Last year Spotify announced the testing of a tool called Discovery Mode that would help musicians have their tracks included in playlists. Artists and record companies don't have to pay anything, but when opting for the service, they should agree to receive an even lower royalty fee for the broadcasts in these personalized sessions, on radio and autoplay.
Amid the announcement, many people questioned whether this could characterize pay-to-play, an illegal practice that in Brazil is popularly known as jabá.
Discussions aside, it is very likely that many musicians would accept the terms to try to promote their work. With the ease of making music available on digital platforms, there is also an increase in the offer and a greater difficulty for artists to have visibility and achieve some kind of prominence amidst the thousands of songs released daily around the world.
It is important to remember that not all musicians have the structure or even the knowledge to record, release and promote their works. The good news is that nowadays there are a huge number of online tools and websites that aim to facilitate this work.
Of course, none of them substitutes the look of an expert, of a professional in the music market who understands the fluctuations and directions of the sector, but it is worth knowing some of these services and knowing how they can be used in favor of artists.

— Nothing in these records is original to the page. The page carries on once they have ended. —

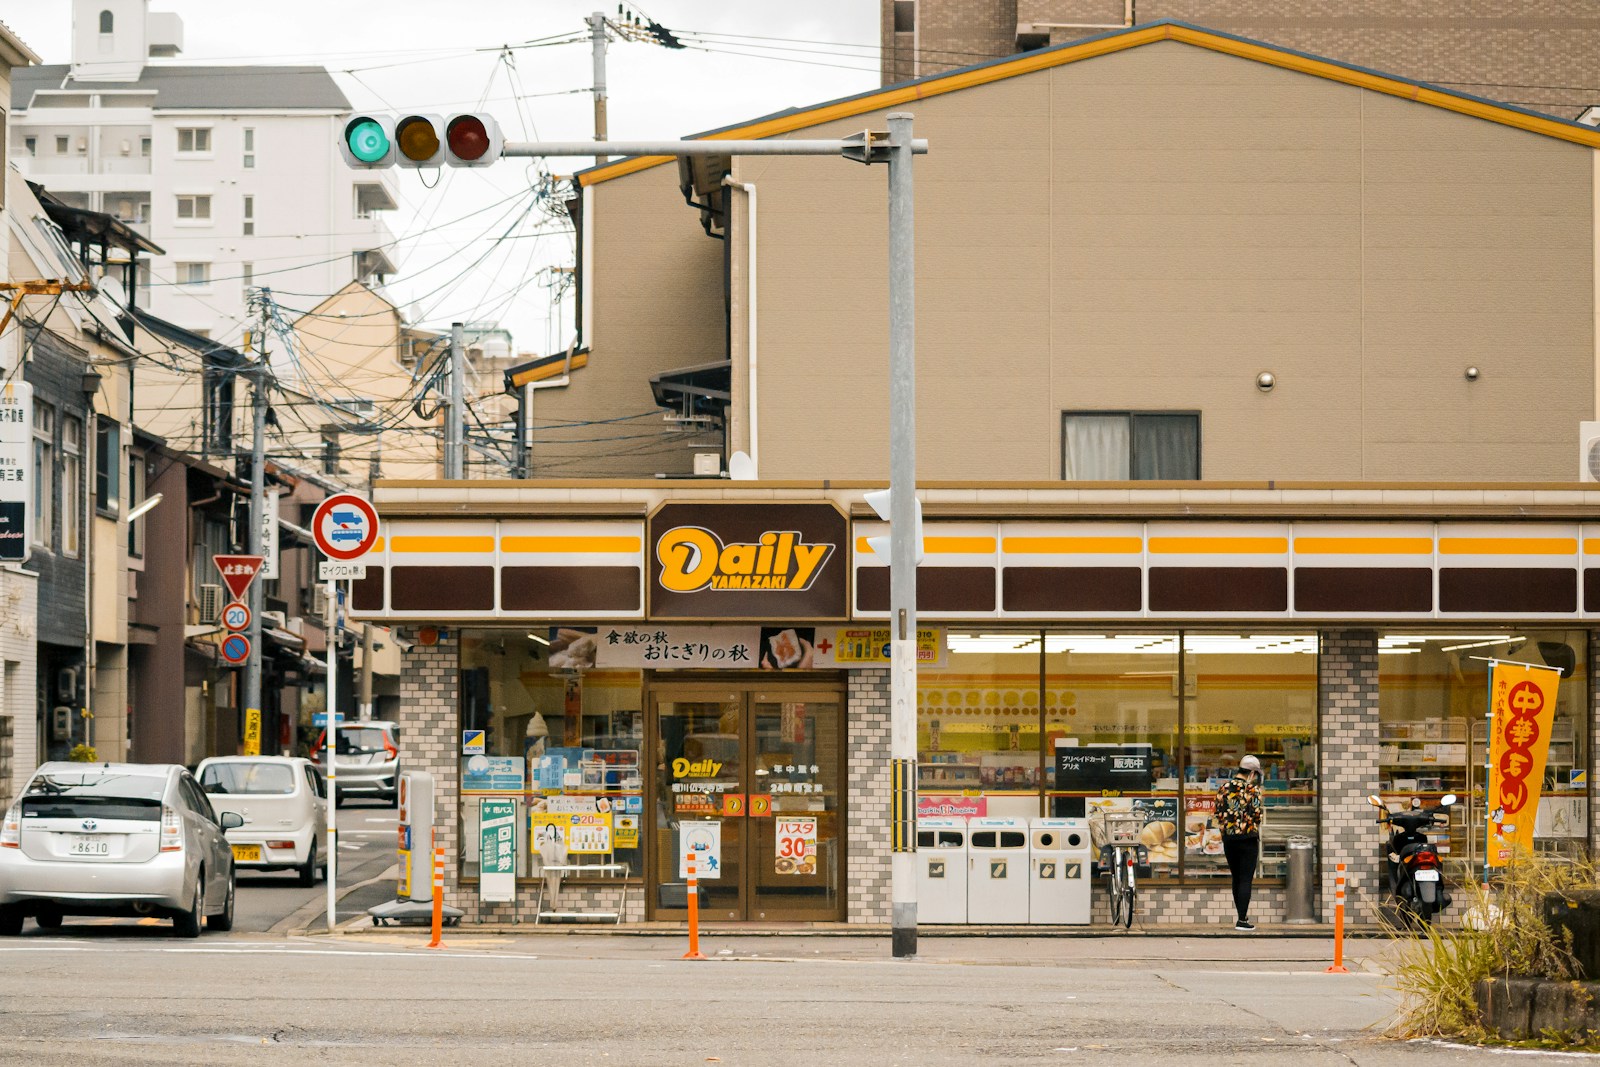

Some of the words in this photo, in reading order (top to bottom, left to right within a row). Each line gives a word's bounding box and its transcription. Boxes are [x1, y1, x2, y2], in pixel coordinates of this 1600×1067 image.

[657, 526, 831, 592] Daily
[223, 563, 254, 575] 止まれ
[321, 566, 364, 576] マイクロを除く
[711, 575, 786, 589] YAMAZAKI
[228, 610, 245, 624] 20
[606, 629, 669, 645] 食欲の秋
[644, 643, 750, 662] おにぎりの秋
[1501, 683, 1542, 811] 中華まん
[671, 757, 723, 778] Daily
[773, 764, 820, 774] 年中無休
[1113, 758, 1144, 769] 販売中
[769, 783, 824, 794] 24時間営業
[1101, 789, 1121, 798] Daily
[493, 806, 513, 814] 市バス
[581, 815, 595, 824] 20
[779, 823, 814, 834] パスタ
[77, 842, 108, 853] 86-10
[497, 825, 512, 872] 回数券
[780, 837, 805, 857] 30

A good example is the website Music Fibre, a free and constantly growing directory of the music industry, which includes referrals from digital distributors, licensing, agents, designers, etc. The website is constantly growing, but it already offers some options, especially for those who think about future work abroad.

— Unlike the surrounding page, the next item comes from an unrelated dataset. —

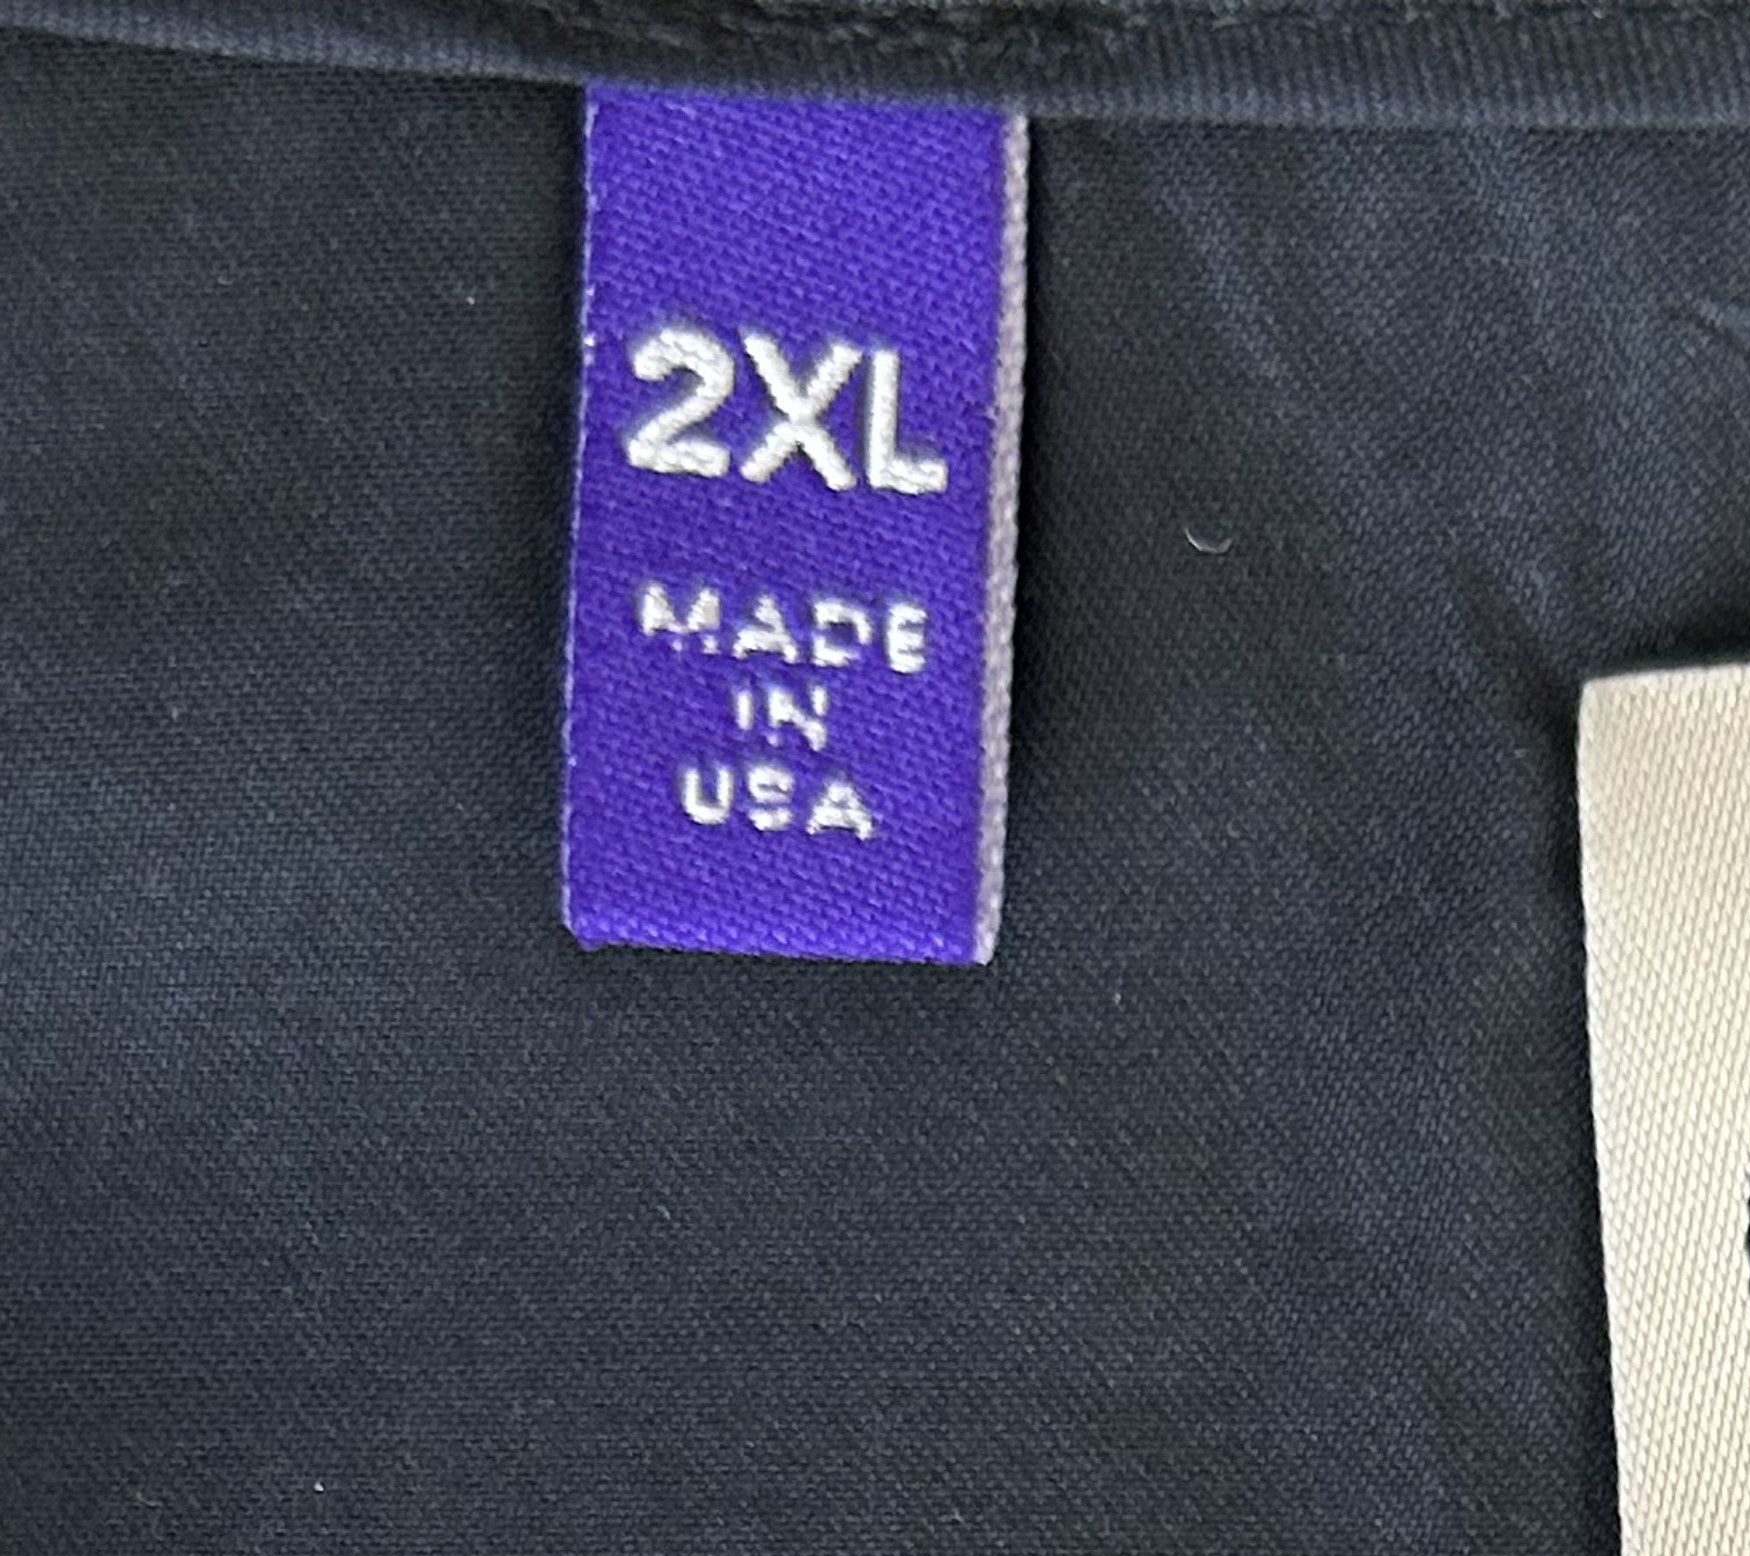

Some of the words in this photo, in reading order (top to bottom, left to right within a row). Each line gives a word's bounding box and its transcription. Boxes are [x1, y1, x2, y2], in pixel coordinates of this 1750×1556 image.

Another site that can help in this search is the Sonicbids, which acts as a hub to promote opportunities and show work to promoters and concert halls, in addition to facilitating the connection between musicians.
The digital distributor DistroKid is launching a new service called Upstream that will allow independent artists to use the platform to share data with record labels in hopes of getting a contract.
An interesting service is offered by Soundplate Cover Art Generator, a free tool for musicians and curators of playlists with which you can create covers quickly using a file of copyright-free images.
For the web there is the dlvrt.it, which allows you to automatically post to Twitter, Facebook and other social networks according to your schedule.
There are also tools that help with composition, such as the Autochords, a chord progression generator that can be quite useful, or the LANDR COllaboration, which allows you to share private links with other musicians so that they can express their opinion and collaborate with your composition. There is also the Audiotool, which works as a collaborative online music production studio. And for those who want to take their first steps as a beatmaker, it's worth a look at iO-808 site that reproduces the classic Roland TR-808 electronic battery. On the website there is a tutorial that teaches you how to use all the resources of this sequencer. For those looking for simpler something there is also the Pattern Sketch, with a more intuitive platform.
These are just a few examples of the variety of online services that can be used by musicians. There are a few thousand applications for desktop, mobile devices, many of them free and that can not only expand the possibilities of your work, but also stimulate creativity and collaboration. It is worth spending time on this research.